El 6 de agosto quedó marcado por la intolerancia y la división Evo Morales encabezó los actos cívicos en La Paz, y los opositores se concentraron en Sucre y Santa Cruz. En Cochabamba hubo conflictos. La OEA está preocupada.
Los actos conmemorativos del 183 aniversario patrio reflejaron ayer división en el país y un ambiente de tensión en ascenso, producto de los conflictos sociales y políticos, y la cercanía del referéndum revocatorio.
El Congreso Nacional fracturado y los sectores sociales dispersos en dos bloques antagónicos reflejaron este panorama, que provocó llamados de reflexión de la comunidad internacional y de la Iglesia Católica.
En La Paz, el mandatario Evo Morales encabezó los actos oficiales, a los que no asistieron los parlamentarios de la oposición ni el prefecto, José Luis Paredes.
Paredes reveló que una noche antes recibió la visita de dos enviados del Jefe de Estado, quienes le recomendaron no asistir a los actos cívicos para evitar incidentes. “He entendido esa solicitud y acepté no participar, pese a que nosotros hemos organizado los actos”, explicó.

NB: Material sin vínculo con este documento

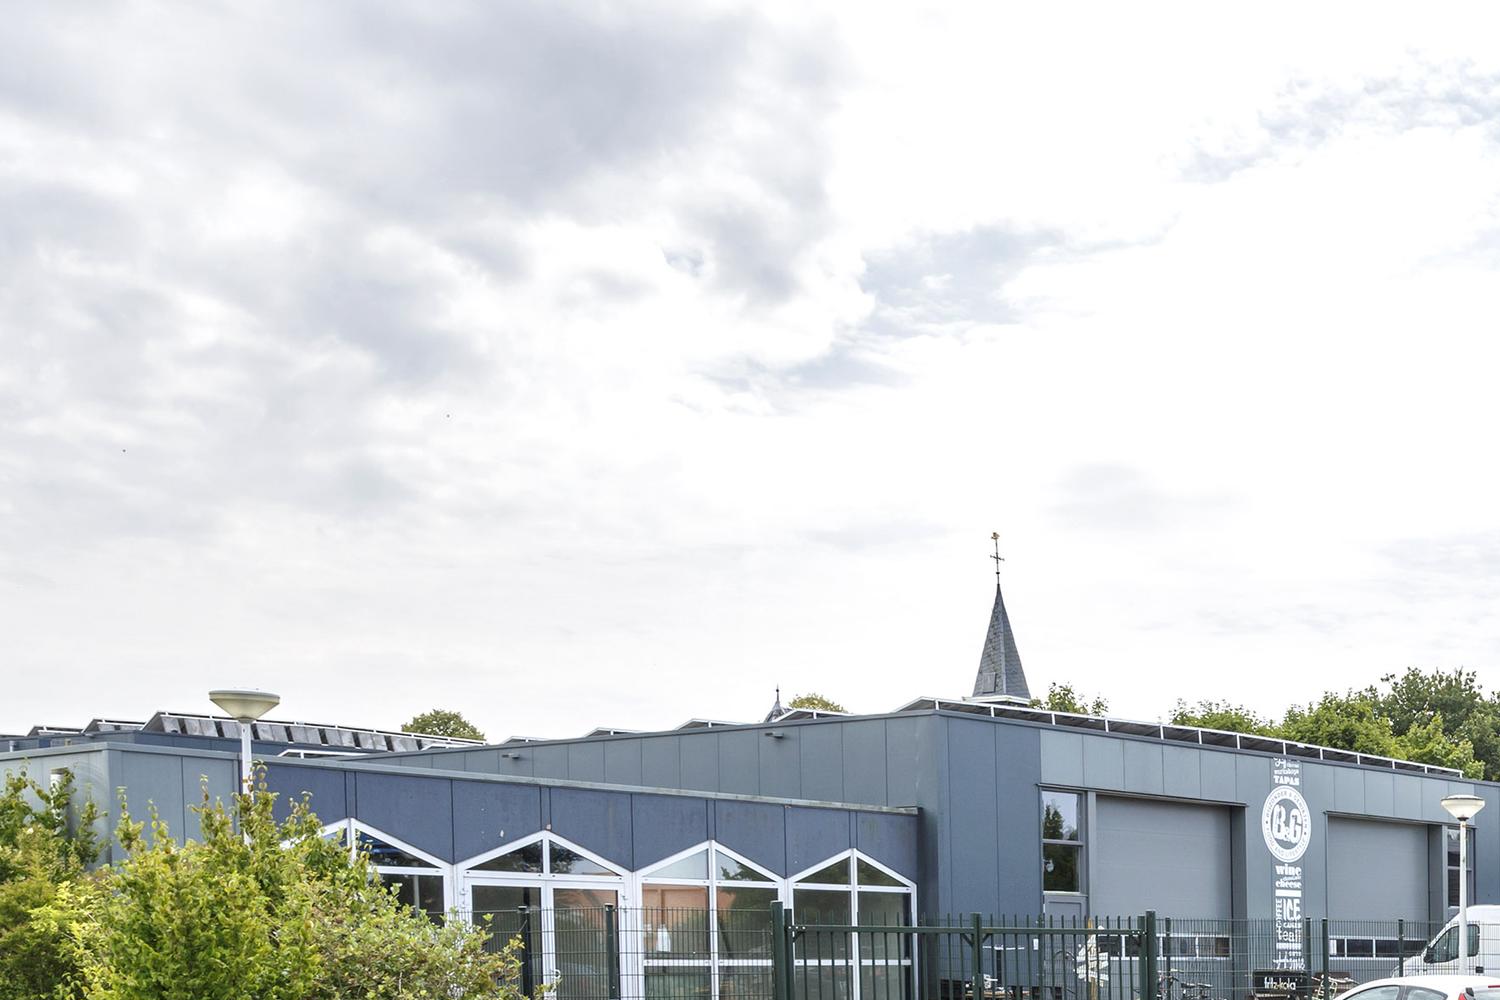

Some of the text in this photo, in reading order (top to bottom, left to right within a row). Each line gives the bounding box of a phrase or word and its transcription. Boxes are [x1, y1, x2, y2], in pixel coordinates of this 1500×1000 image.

[1273, 775, 1299, 786] TAPAS
[1275, 863, 1302, 876] wine
[1275, 878, 1302, 889] cheese
[1283, 898, 1302, 921] ICE

En el acto principal, aunque la plaza Murillo estuvo abarrotada por funcionarios públicos que gritaban a favor de Morales, algunos funcionarios de la Prefectura le gritaron “¡dictador!”, “¡asesino!”, esto último en referencia a los dos muertos durante los enfrentamientos del martes entre mineros y policías en la localidad de Caihuasi, asunto que el Jefe de Estado omitió durante su escueto mensaje a la nación.
En Sucre, los senadores y diputados de la oposición asistieron a una atípica sesión en un salón de la Prefectura. La Casa de la Libertad, donde históricamente se realiza la sesión parlamentaria por el aniversario patrio, fue cerrada a los opositores por una orden que llegó de La Paz, según fuentes oficiales.

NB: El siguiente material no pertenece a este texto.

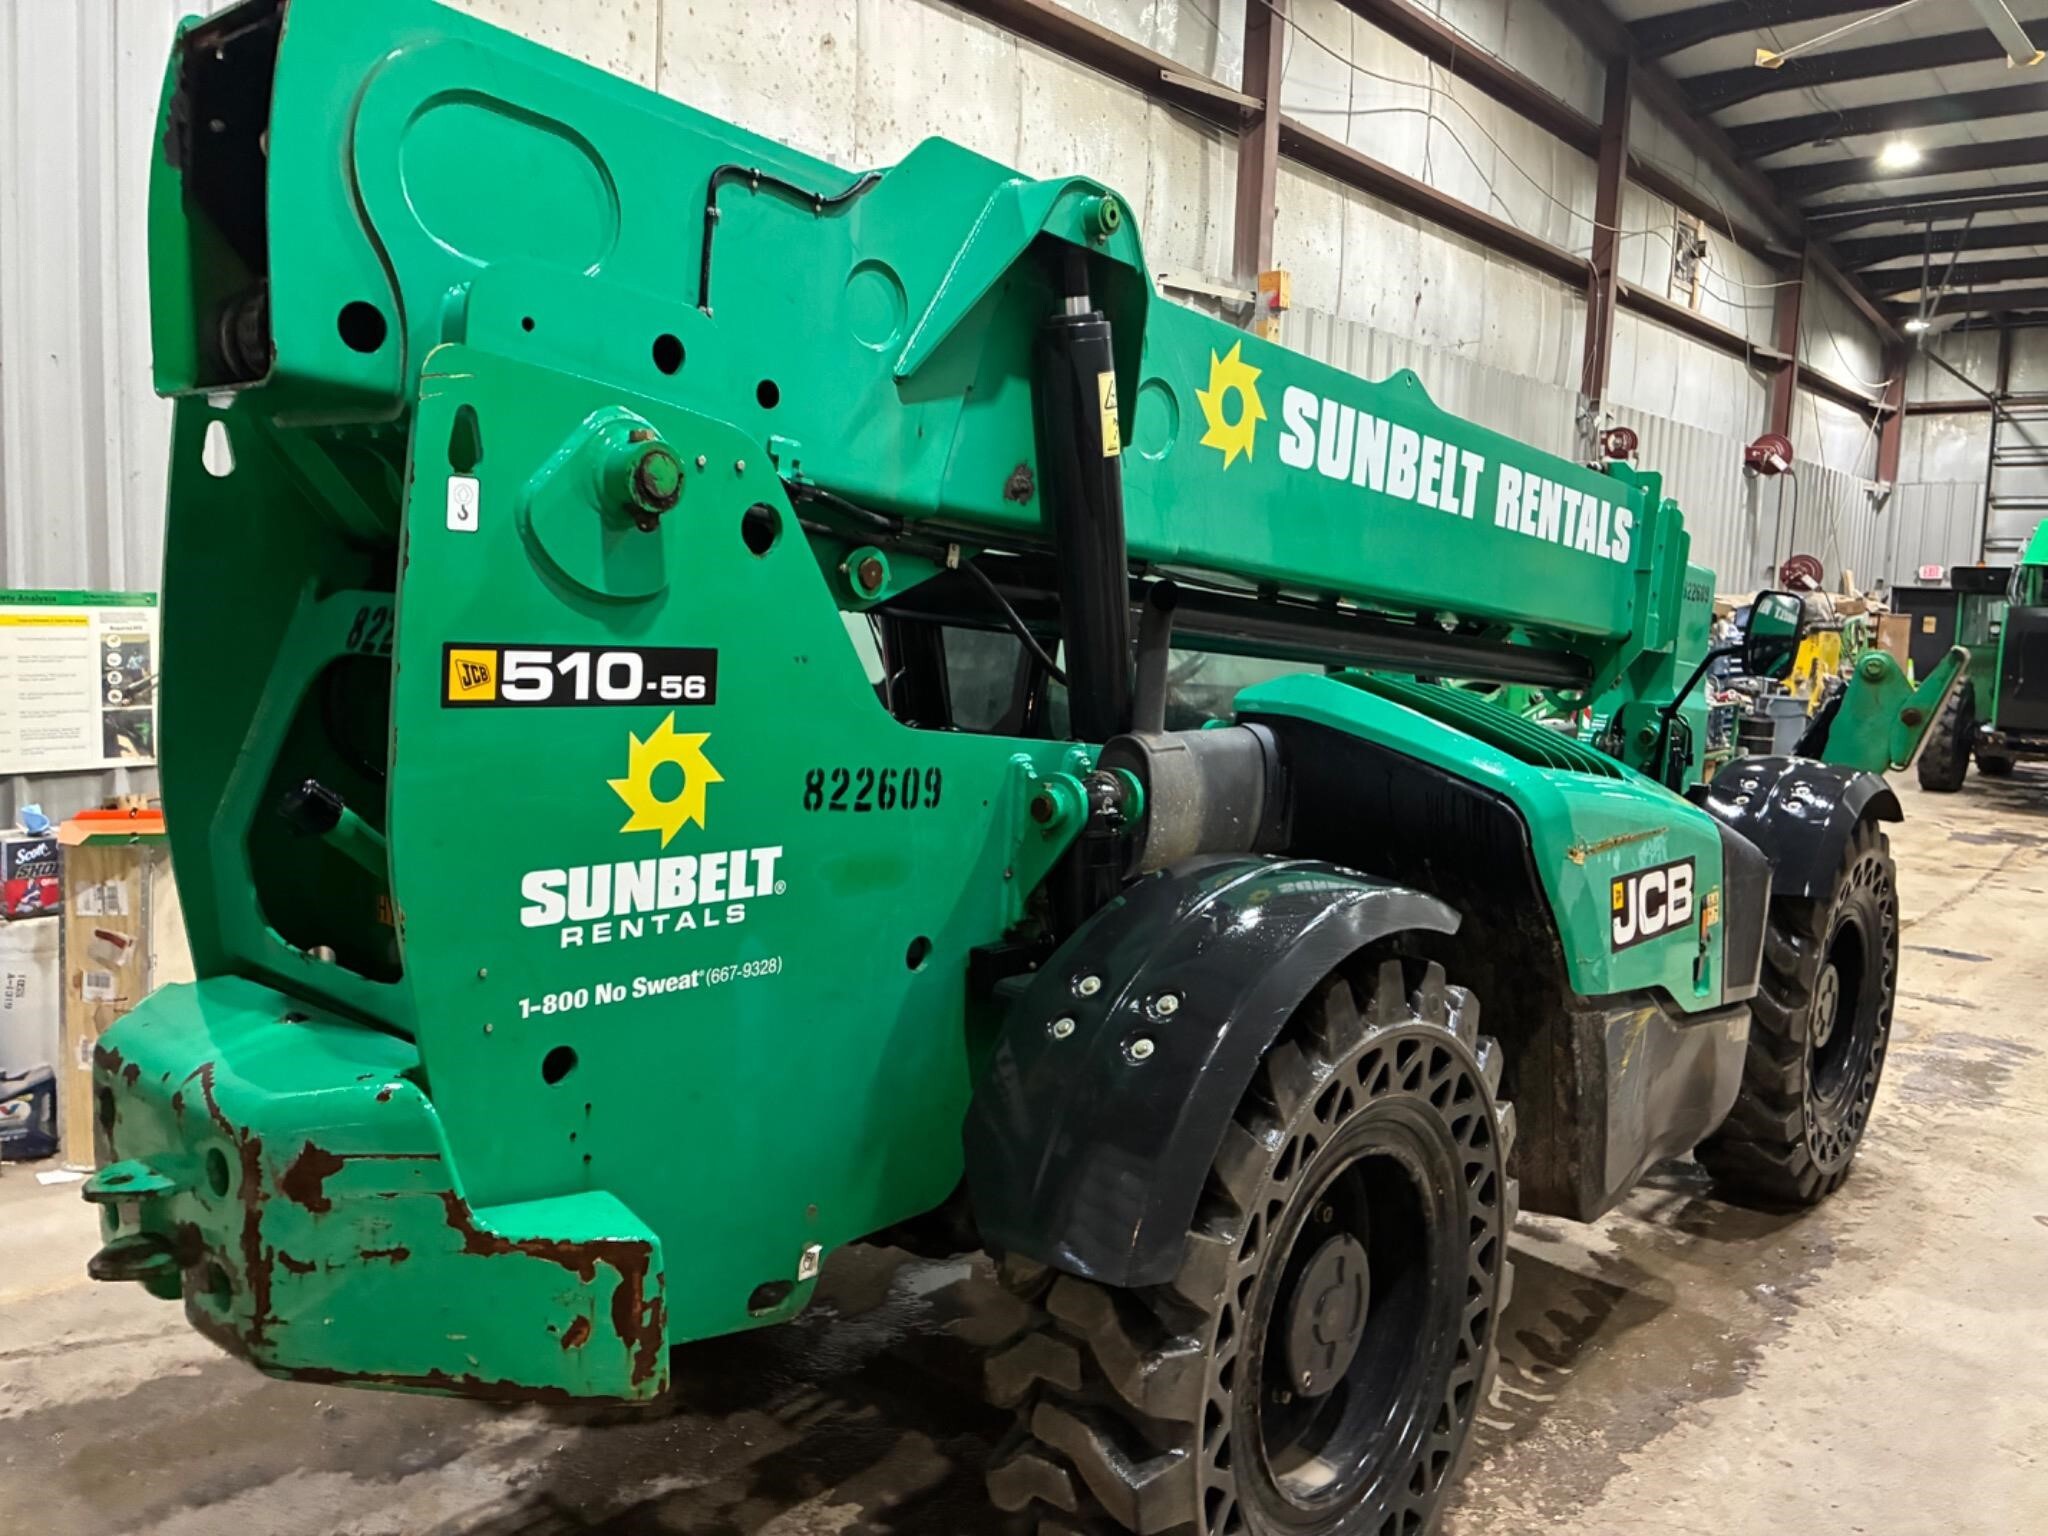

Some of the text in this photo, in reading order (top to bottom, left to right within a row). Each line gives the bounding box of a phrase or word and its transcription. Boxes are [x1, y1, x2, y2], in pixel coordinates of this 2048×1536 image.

Los parlamentarios oficialistas se trasladaron a sus regiones para asistir a eventos que combinaron la conmemoración del aniversario patrio con movilizaciones de respaldo a Morales, como ocurrió en La Paz, donde los asistentes a los actos en la plaza Murillo llevaron pancartas y afiches de respaldo al Jefe de Estado.
En Santa Cruz también hubo tensión. En medio del desfile patrio, un grupo de vecinos vestidos de negro y encabezados por el presidente de la Federación de Juntas Vecinales, Rodolfo Landívar, llegó hasta la plaza 24 de Septiembre y agredió con petardos y gritos a los policías y militares que asistieron al acto acusándolos de “vendidos” y “asesinos”.
En la tarde, Morales llegó hasta el aeropuerto El Trompillo, pero una movilización similar a la que un día antes se produjo en la ciudad de Tarija impidió que salga de esa estación aérea y asista a un acto deportivo.
En Cochabamba, los actos cívicos también fueron empañados de tensión y enfrentamientos verbales entre grupos afines al prefecto Manfred Reyes Villa y al alcalde Gonzalo Terceros, aliado de MAS. “!Alcalde masista!”, “¡vendido!”, “¡maricón!”, fueron algunos de los epítetos lanzados contra Terceros. Ambas autoridades no se dirigieron la palabra.
En Sucre el panorama fue similar. Las organizaciones afiliadas a la COD se anticiparon al desfile y protagonizaron una marcha de protesta contra el Gobierno, que concluyó con un mitin en la Casa de la Libertad.
Al final de la tarde, en Trinidad (Beni) se produjo un enfrentamiento entre pobladores que rechazaban la visita de Morales y mototaxistas que lo defendieron.
La OEA está preocupada por el país
El secretario general de la Organización de Estados Americanos (OEA), José Miguel Insulza, expresó su “profunda preocupación por la evolución de los acontecimientos en la República de Bolivia”, informó ayer la oficina de prensa de ese organismo multinacional.
Según el comunicado, “la situación de violencia, confrontaciones y graves desacuerdos políticos” que anteceden al referéndum revocatorio ”pueden impedir que la crisis política actual encuentre un camino pacífico para su solución”.
En consecuencia, hizo un “llamado urgente” a las partes en conflicto “para que se aseguren las condiciones básicas para que el proceso electoral transcurra de manera pacífica”.
Insulza exhortó “a todos los bolivianos y bolivianas a realizar el mayor esfuerzo para evitar la violencia y encontrar —a pesar de las grandes dificultades— un camino que impida el deterioro de la situación nacional”, señala la oficina de la OEA.